Por confiar em Deus, Davi se deitou e dormiu. Naquele deserto, seu colchão e travesseiro foram sua confiança em Deus. Isso o fez dormir tranquilo. No outro dia, levantou-se renovado e disposto a continuar confiando. Pelas palavras do verso 5, sabemos que o salmo foi composto pela manhã. O despertar foi o momento para cantar sua confiança em Deus. Ele expulsou a cacofonia da desordem e da tribulação interior com a harmonia da fé.

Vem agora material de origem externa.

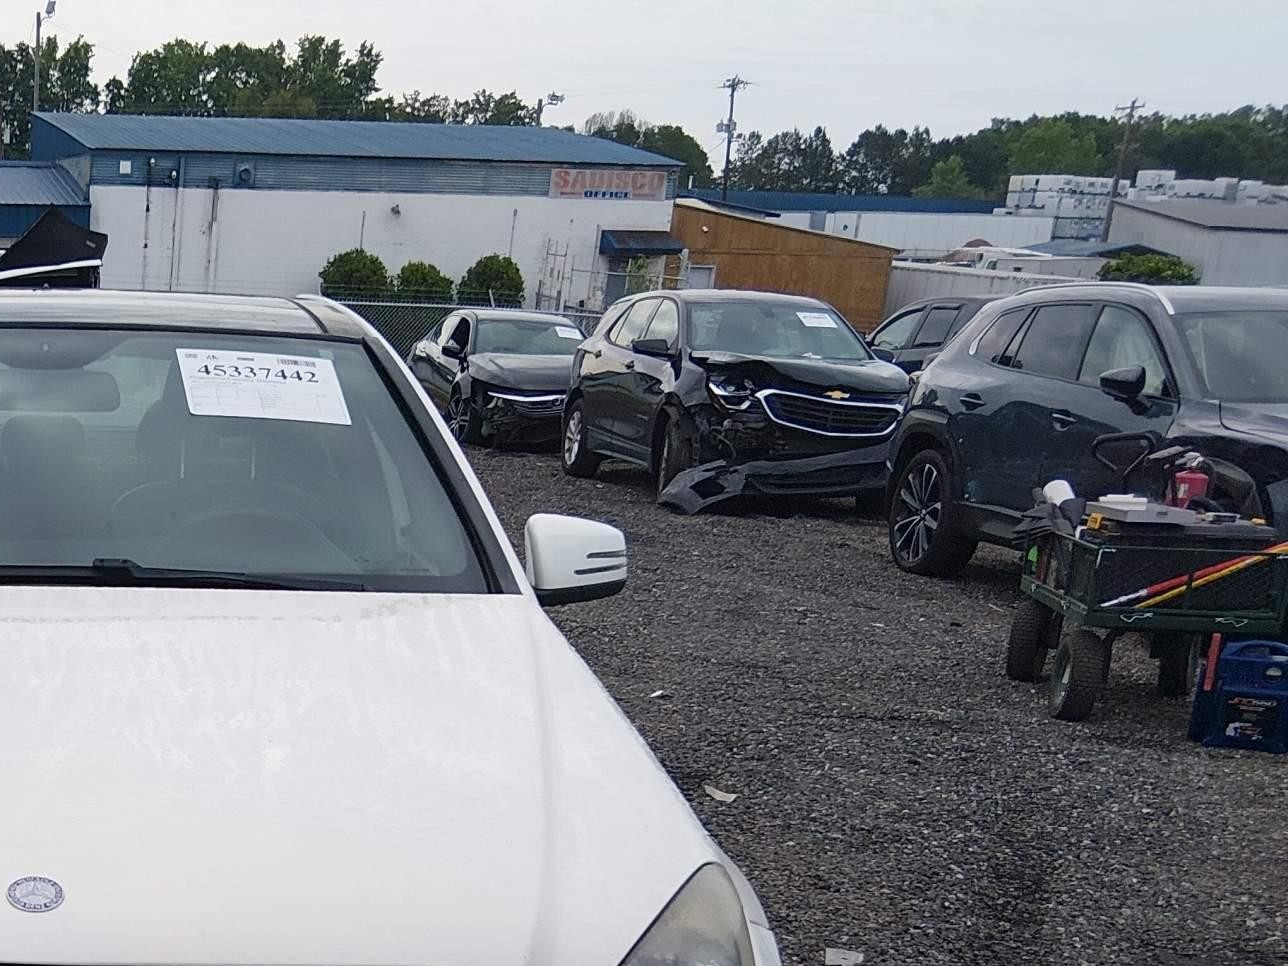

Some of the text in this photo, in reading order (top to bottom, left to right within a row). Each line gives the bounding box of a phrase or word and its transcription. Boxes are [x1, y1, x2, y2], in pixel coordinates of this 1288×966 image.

[554, 171, 664, 190] SADISCO
[583, 190, 631, 198] OFFICE
[197, 364, 319, 383] 45337442

Ao amanhecer, Davi reconheceu que pode deitar, dormir e levantar porque Deus era seu apoio. Isso o fazia não temer a multidão que se colocava contra ele. Ao invés disso, ele renovou sua oração. Clamou por justiça, que aqueles que como feras tentavam devorá-lo tivessem seus queixos feridos e os dentes quebrados. E mais uma vez celebrou que sua salvação dependia apenas de Deus.

Davi nos ensina que a paz não depende das circunstâncias, mas da confiança em Deus.  O melhor sonífero para nos dar uma noite tranquila, mesmo em meio ao tumulto dos problemas, é a oração.